Learn how Rotary clubs are taking action in Belize, Italy, Rwanda, the Philippines, and the United States.
By Brad Webber
The Rotary Club of Collierville, Tennessee, treated hundreds of children with special needs and their families to a complimentary evening of hot-air balloon rides, food, and activities. The event, held on the eve of the Bluff City Balloon Jamboree, had 80 helpers across seven clubs in District 6800 (Tennessee and Mississippi). The clubs generated $30,000 in donations to cover the expense. “This was a once-in-a-lifetime event for a special-needs child,” says Dave Rhylander, a member of the Collierville club. “Just how many children in general have been on a tethered balloon ride? Roughly 300 kids got an opportunity to do that.” For September, the club is planning a riff on a TV show about high school football as another event for children with special needs. “We’re having our own Friday Night Lights for them this year,” Rhylander says.

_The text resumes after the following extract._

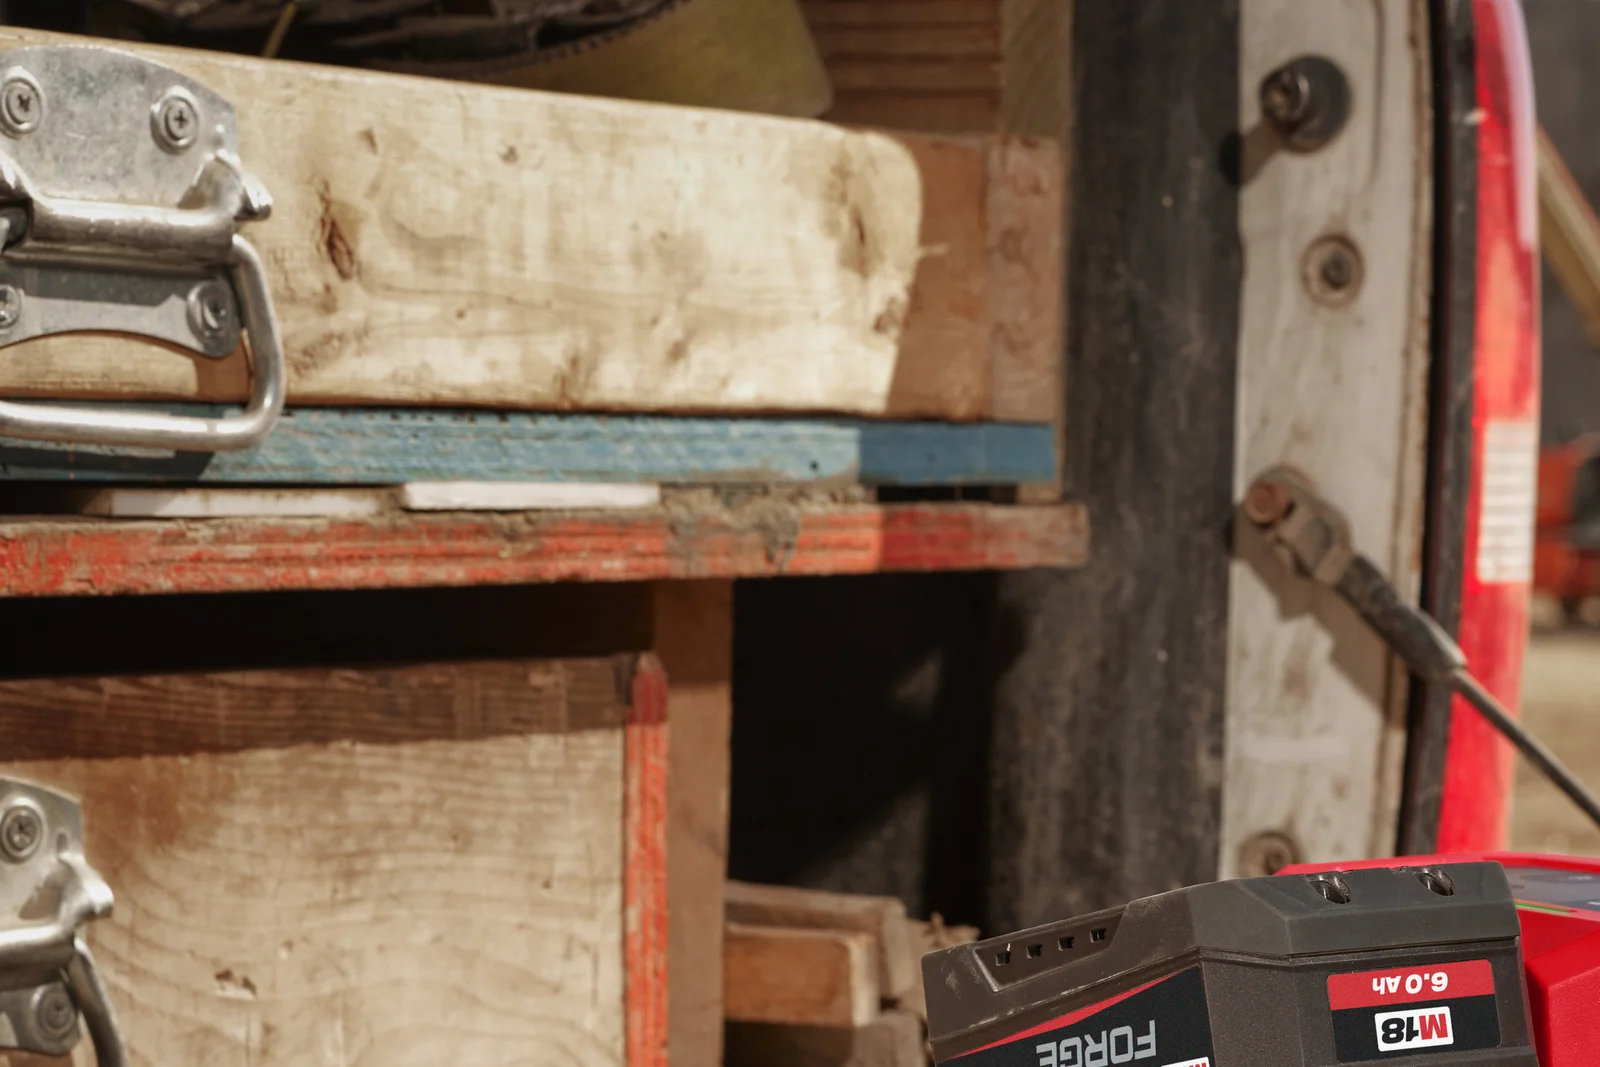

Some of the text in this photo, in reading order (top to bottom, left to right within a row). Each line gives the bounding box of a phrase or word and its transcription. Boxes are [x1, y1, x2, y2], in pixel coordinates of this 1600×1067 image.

[1372, 972, 1449, 995] 6.0 Ah
[1381, 1013, 1449, 1044] M18

In 1991, a year after the Rotary Club of Three Rivers, Michigan, signed on to the District 6360 “Belizerve” project, member Larry Campbell packed his bags for his first trip to a foreign country. He delivered books to a primary school in Libertad, in northern Belize on the Yucatán Peninsula. The years passed, and Campbell kept returning, participating in projects that supplied communities with used school buses, ambulances, and trucks, as well as medical equipment. In 1995 the club raised $20,000 for a five-room schoolhouse, built with the assistance of several Rotarians; by the end of the decade, a British charity had added a second floor, doubling the space which currently serves about 100 students. By mid-2021 the club, with donations from a Three Rivers church and private individuals, had given the school $132,000, much of it to pay high school tuition for graduates. “Many students with scholarships have done well: one doctor, three teachers, one banker, a store manager, just to name a few,” says Campbell.